Action item.
Copy the entries below exactly. Images do not belong in the copy.
---- Task input
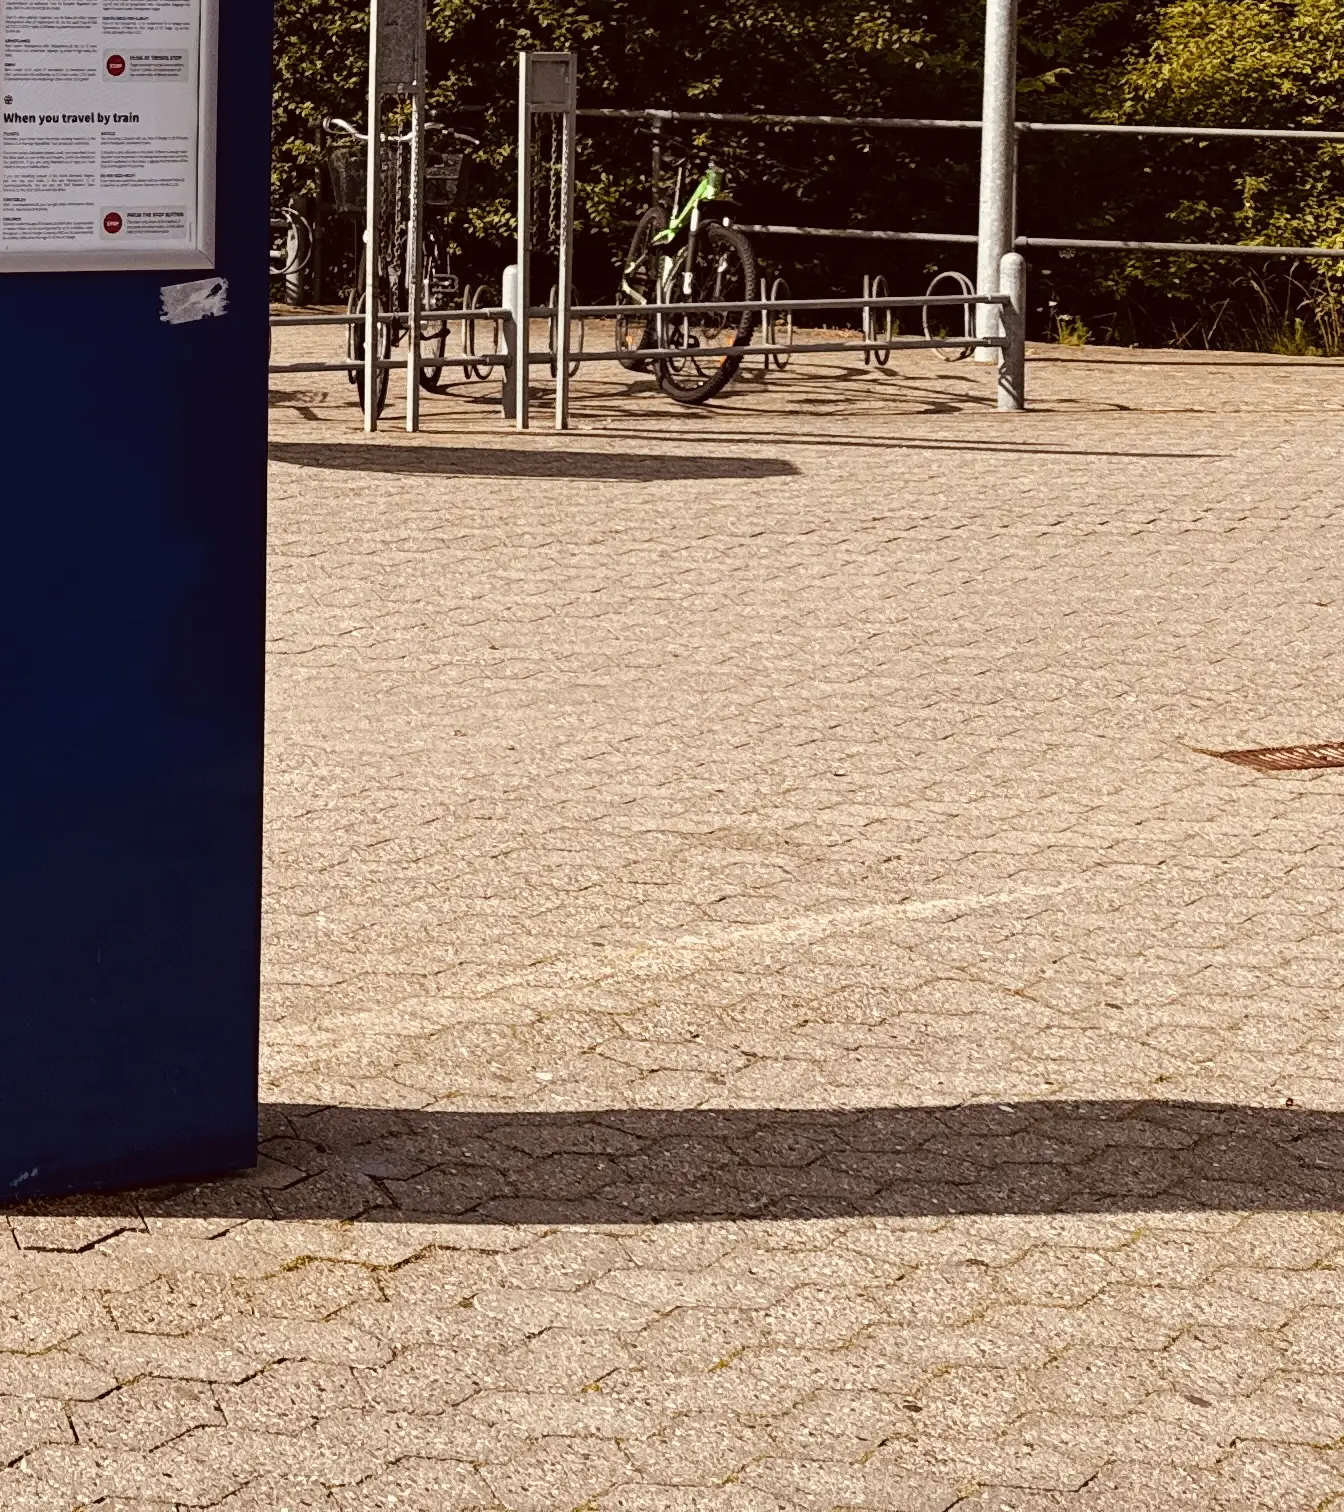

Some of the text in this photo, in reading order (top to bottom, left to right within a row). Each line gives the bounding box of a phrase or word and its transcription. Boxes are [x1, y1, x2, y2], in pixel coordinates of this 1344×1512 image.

[3, 112, 140, 126] When you travel by train
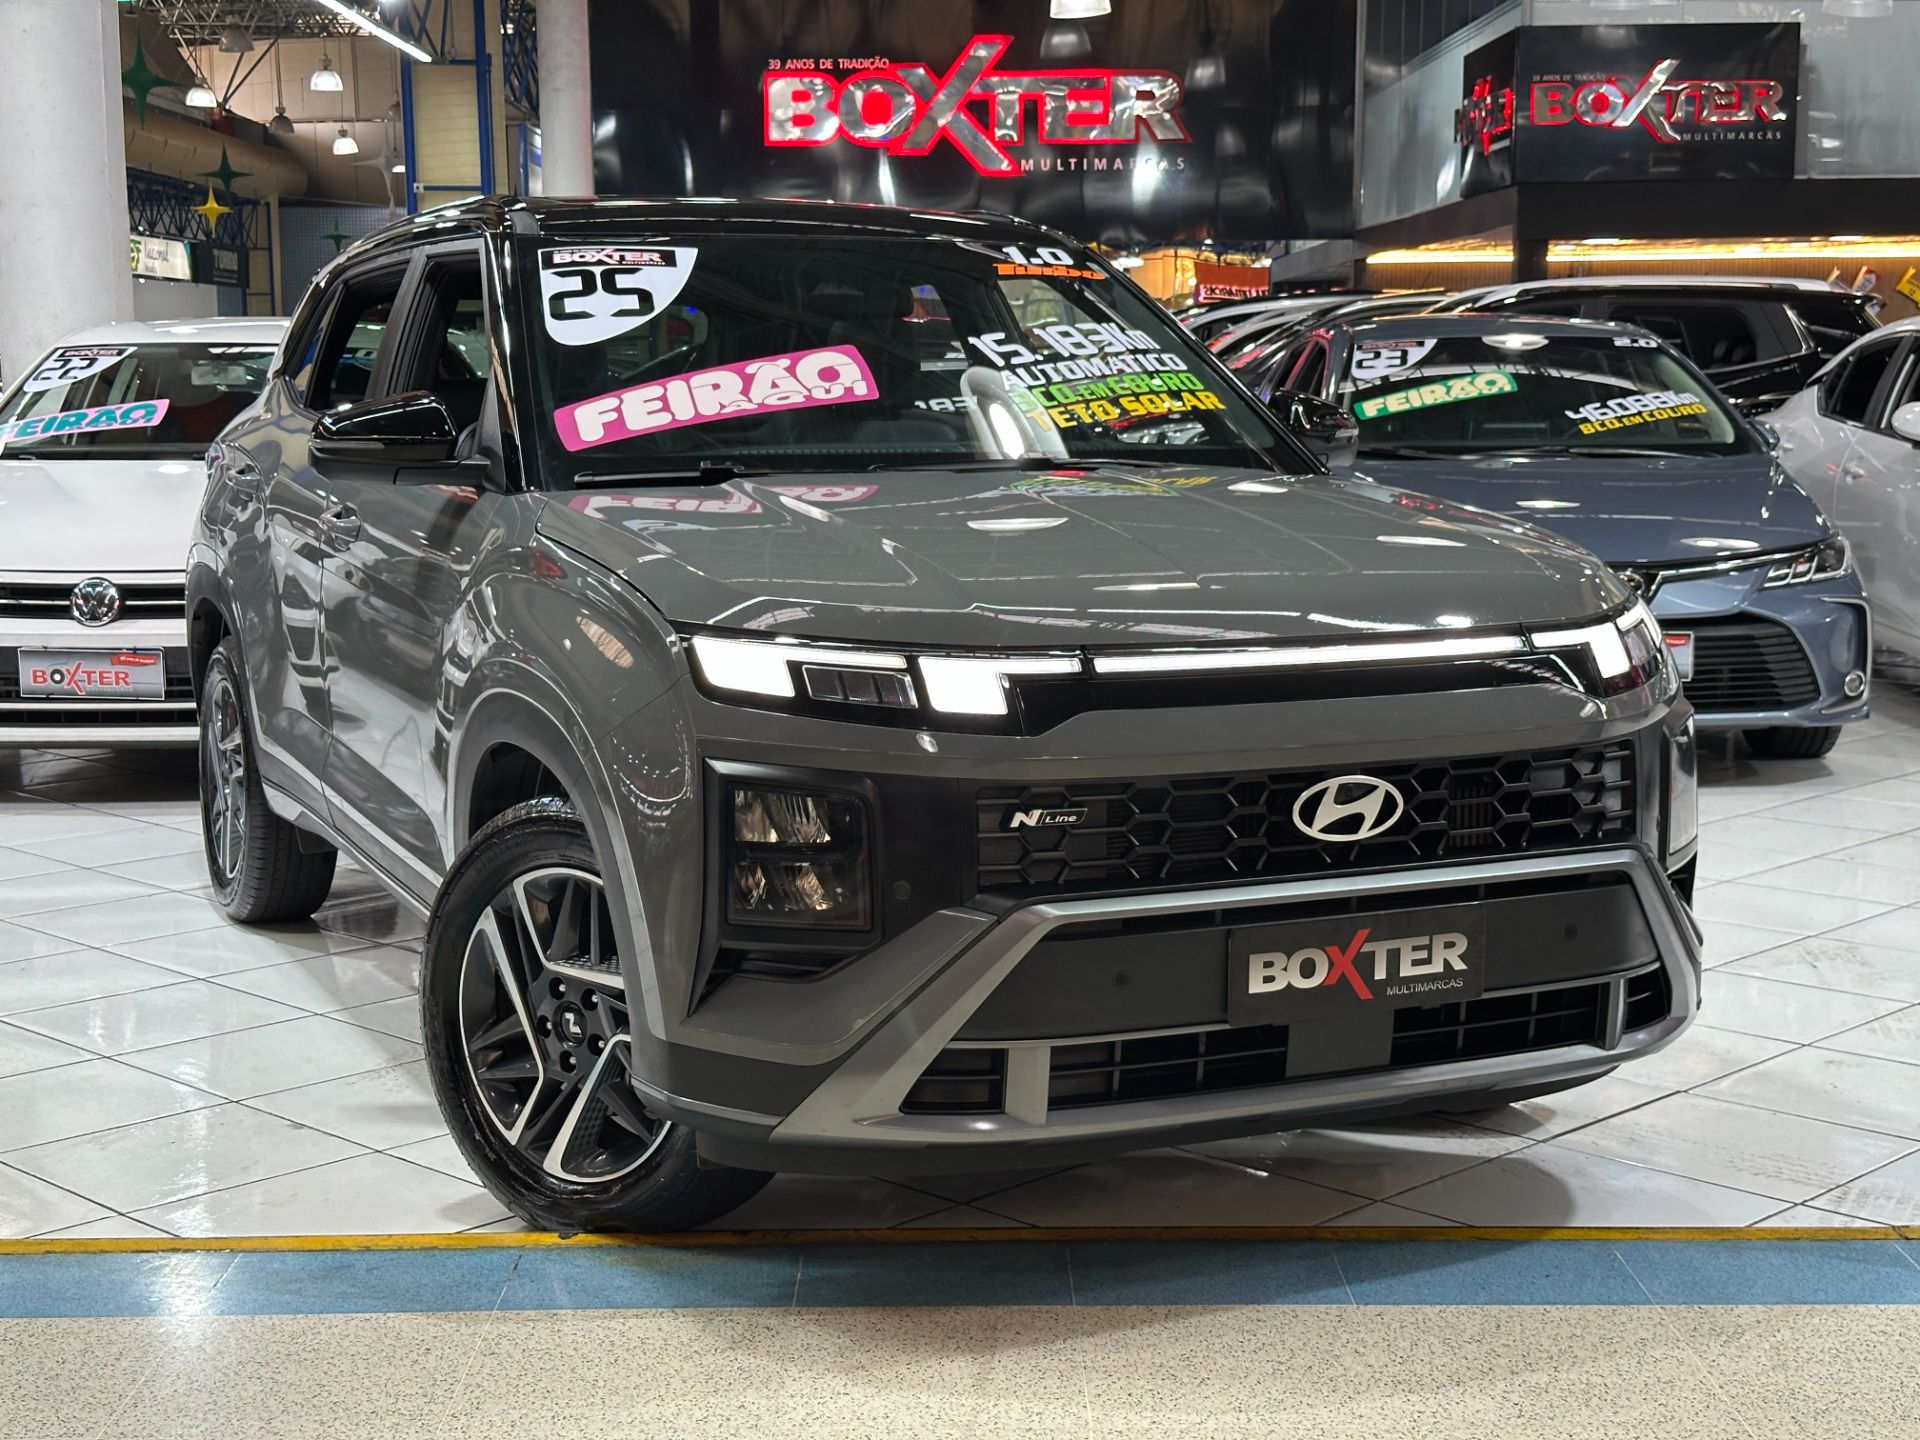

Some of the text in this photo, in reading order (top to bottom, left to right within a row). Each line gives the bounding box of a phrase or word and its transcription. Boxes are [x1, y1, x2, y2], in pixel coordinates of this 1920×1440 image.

[768, 56, 889, 70] 39 ANOS DE TRADIÇÃO
[763, 34, 1193, 178] BOXTER
[1530, 58, 1787, 143] BOXTER
[1682, 131, 1782, 141] MULTIMARCAS
[552, 247, 662, 265] BOXTER
[1002, 246, 1074, 265] 1.0
[548, 267, 656, 321] 25
[1612, 336, 1658, 348] 2.0
[32, 357, 99, 382] 22
[1355, 348, 1409, 369] 23
[573, 351, 863, 442] FEIRÃO
[1362, 372, 1513, 417] FEIRÃO
[1025, 391, 1227, 432] TETO SOLAR
[1643, 403, 1708, 421] COURO
[30, 661, 132, 695] BOXTER
[1009, 808, 1078, 828] N Line
[1248, 927, 1469, 1000] BOXTER
[1386, 978, 1464, 996] MULTIMARCAS
--------
Task answer.
Some of the text in this photo, in reading order (top to bottom, left to right within a row). Each line gives the bounding box of a phrase or word and its transcription. Boxes are [x1, y1, x2, y2], in pixel coordinates of this 1344×1512 image.

[3, 112, 140, 126] When you travel by train

Some of the text in this photo, in reading order (top to bottom, left to right within a row). Each line gives the bounding box of a phrase or word and its transcription. Boxes are [x1, y1, x2, y2], in pixel coordinates of this 1920×1440 image.

[768, 56, 889, 70] 39 ANOS DE TRADIÇÃO
[763, 34, 1193, 178] BOXTER
[1530, 58, 1787, 143] BOXTER
[1682, 131, 1782, 141] MULTIMARCAS
[552, 247, 662, 265] BOXTER
[1002, 246, 1074, 265] 1.0
[548, 267, 656, 321] 25
[1612, 336, 1658, 348] 2.0
[32, 357, 99, 382] 22
[1355, 348, 1409, 369] 23
[573, 351, 863, 442] FEIRÃO
[1362, 372, 1513, 417] FEIRÃO
[1025, 391, 1227, 432] TETO SOLAR
[1643, 403, 1708, 421] COURO
[30, 661, 132, 695] BOXTER
[1009, 808, 1078, 828] N Line
[1248, 927, 1469, 1000] BOXTER
[1386, 978, 1464, 996] MULTIMARCAS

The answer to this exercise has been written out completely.